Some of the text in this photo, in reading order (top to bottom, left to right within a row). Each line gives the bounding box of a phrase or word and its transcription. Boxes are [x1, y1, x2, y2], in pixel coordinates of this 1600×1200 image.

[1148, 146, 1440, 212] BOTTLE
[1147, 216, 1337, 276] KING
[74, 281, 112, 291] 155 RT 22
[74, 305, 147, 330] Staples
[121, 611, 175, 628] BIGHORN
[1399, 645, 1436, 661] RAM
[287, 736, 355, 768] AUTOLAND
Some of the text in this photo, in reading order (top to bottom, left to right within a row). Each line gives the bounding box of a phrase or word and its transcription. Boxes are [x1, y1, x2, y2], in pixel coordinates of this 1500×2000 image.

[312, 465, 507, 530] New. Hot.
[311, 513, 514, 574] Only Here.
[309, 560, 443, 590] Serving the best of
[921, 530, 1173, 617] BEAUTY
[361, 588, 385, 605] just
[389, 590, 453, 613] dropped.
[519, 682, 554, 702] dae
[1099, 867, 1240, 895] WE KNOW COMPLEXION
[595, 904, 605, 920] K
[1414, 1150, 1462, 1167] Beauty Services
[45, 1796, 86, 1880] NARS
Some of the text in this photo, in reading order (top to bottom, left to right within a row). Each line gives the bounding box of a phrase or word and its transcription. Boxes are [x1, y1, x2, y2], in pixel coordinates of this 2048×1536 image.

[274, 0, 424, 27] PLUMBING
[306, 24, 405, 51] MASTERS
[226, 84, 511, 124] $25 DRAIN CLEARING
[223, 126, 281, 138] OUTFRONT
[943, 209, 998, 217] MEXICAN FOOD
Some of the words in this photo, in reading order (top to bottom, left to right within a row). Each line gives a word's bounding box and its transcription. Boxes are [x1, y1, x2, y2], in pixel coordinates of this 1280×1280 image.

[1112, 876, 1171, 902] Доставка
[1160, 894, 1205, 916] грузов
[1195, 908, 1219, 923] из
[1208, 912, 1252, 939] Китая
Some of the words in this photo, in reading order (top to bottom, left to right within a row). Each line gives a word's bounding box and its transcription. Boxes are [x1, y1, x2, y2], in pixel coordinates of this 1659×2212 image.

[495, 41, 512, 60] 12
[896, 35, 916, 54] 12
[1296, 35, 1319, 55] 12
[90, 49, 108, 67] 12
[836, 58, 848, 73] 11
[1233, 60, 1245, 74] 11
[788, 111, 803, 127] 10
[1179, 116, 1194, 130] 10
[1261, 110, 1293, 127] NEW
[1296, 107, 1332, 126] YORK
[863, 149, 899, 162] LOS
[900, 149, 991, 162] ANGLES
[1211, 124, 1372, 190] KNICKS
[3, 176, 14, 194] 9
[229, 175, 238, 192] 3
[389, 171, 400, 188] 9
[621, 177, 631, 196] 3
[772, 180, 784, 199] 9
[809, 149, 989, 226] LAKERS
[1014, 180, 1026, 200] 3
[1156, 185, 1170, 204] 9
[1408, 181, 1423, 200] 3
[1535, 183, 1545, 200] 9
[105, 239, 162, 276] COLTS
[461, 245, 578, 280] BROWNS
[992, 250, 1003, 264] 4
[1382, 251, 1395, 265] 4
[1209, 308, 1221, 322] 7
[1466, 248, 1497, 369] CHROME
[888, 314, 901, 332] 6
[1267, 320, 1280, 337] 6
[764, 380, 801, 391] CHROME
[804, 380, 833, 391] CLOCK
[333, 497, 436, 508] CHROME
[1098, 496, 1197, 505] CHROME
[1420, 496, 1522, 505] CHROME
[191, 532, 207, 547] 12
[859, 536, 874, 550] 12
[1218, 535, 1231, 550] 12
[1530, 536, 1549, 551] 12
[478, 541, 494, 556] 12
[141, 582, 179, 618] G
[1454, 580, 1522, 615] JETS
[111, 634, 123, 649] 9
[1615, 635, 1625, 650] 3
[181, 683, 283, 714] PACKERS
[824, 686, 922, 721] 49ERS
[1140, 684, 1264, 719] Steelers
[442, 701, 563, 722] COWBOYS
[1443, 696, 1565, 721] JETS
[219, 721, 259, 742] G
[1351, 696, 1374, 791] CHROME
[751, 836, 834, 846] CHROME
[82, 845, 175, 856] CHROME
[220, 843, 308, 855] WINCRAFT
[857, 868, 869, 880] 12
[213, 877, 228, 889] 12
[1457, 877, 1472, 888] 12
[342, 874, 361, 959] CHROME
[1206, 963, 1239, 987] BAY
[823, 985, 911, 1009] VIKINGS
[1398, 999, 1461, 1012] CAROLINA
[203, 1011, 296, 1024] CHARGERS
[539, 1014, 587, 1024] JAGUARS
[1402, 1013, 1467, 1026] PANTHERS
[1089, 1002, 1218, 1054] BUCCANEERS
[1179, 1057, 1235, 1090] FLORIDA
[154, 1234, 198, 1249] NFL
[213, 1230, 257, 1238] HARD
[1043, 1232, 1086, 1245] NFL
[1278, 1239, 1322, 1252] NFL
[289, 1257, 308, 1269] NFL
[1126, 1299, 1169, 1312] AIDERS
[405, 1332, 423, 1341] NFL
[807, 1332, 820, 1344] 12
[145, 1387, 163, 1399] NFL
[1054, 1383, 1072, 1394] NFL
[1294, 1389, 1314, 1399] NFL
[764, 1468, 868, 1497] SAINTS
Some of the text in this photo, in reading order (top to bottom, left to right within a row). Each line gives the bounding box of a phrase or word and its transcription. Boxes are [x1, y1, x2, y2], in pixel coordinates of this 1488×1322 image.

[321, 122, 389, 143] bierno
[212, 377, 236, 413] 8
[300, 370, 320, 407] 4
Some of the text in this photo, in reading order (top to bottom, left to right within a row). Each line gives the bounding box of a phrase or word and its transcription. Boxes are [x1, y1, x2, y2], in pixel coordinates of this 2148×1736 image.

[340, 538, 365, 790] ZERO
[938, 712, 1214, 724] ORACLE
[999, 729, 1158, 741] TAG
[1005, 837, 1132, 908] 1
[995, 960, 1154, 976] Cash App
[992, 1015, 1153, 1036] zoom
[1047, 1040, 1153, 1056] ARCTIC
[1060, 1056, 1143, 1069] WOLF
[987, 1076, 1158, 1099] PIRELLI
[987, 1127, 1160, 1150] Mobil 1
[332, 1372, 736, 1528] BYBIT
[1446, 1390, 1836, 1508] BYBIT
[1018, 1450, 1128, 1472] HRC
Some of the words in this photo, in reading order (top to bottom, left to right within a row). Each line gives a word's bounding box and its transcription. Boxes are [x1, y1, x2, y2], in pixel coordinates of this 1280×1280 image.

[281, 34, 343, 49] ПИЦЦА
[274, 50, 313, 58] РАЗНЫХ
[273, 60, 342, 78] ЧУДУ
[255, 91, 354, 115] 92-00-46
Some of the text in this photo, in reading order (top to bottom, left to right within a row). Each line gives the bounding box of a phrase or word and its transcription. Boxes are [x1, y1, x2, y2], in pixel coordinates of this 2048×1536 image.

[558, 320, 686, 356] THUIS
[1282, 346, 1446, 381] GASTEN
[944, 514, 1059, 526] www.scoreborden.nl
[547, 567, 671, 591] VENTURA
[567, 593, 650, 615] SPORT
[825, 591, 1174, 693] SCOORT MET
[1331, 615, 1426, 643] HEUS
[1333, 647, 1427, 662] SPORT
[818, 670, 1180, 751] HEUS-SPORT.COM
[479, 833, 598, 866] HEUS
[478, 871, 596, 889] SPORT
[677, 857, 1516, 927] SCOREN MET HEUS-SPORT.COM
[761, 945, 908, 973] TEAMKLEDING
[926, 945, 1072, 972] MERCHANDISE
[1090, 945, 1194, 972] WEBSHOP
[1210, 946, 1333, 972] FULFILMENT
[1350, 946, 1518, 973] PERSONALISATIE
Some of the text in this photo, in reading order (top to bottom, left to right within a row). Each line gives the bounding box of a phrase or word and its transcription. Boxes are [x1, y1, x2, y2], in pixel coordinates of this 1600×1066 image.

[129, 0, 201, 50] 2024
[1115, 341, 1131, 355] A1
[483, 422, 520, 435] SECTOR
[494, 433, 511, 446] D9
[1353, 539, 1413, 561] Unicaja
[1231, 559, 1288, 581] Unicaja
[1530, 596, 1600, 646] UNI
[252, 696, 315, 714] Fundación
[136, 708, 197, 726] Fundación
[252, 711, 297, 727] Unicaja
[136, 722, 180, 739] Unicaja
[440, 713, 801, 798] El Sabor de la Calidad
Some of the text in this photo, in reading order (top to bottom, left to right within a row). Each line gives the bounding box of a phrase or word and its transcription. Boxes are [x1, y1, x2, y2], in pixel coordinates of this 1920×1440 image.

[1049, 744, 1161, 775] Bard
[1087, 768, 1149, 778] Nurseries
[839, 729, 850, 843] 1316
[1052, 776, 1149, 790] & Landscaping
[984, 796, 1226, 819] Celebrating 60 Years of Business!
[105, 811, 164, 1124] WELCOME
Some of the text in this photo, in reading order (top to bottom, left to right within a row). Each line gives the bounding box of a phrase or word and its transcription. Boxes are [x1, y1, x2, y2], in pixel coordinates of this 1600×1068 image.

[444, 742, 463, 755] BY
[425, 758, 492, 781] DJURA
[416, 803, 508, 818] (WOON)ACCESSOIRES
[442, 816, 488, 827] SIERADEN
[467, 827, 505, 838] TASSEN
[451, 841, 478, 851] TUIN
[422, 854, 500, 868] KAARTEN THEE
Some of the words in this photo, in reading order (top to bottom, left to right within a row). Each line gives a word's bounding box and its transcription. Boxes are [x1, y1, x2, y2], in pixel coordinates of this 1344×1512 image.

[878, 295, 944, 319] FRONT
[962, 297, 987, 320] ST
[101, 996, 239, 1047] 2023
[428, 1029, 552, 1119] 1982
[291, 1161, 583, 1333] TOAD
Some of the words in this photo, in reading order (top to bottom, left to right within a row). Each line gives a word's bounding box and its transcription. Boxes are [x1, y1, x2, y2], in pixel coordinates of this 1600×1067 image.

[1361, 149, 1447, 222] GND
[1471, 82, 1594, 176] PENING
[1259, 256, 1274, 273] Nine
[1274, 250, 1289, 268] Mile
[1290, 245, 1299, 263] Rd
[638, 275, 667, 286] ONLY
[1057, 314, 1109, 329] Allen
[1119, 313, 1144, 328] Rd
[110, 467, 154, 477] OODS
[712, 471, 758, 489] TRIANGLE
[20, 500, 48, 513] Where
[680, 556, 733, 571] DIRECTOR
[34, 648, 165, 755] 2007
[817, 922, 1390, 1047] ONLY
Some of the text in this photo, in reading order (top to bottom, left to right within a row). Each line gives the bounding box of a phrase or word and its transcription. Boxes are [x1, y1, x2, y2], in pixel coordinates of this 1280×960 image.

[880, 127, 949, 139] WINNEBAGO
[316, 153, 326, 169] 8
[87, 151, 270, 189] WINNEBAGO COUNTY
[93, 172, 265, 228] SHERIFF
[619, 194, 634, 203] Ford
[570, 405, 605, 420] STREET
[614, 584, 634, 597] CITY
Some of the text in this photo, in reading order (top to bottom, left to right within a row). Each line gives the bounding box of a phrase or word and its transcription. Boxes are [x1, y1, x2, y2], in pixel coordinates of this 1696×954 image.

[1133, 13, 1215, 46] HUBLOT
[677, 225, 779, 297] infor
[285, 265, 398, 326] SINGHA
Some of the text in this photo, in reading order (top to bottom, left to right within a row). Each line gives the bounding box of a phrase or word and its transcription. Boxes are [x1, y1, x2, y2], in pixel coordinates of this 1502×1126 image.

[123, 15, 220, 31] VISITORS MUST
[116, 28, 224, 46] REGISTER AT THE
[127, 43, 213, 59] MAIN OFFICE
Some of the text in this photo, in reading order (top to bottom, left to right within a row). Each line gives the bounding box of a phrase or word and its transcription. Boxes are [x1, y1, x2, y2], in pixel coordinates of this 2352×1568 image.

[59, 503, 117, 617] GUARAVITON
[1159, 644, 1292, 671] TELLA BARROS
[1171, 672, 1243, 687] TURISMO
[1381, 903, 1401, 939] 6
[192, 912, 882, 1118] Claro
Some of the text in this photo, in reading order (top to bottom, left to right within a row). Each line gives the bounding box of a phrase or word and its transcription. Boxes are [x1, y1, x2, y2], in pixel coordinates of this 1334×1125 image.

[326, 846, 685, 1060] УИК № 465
· · · · ·
• _About this task_
Copy exactly, and only, the lines from the one containing "this 1334×1125 image." through the last line of the listing.

• _Answer below_
Some of the text in this photo, in reading order (top to bottom, left to right within a row). Each line gives the bounding box of a phrase or word and its transcription. Boxes are [x1, y1, x2, y2], in pixel coordinates of this 1334×1125 image.

[326, 846, 685, 1060] УИК № 465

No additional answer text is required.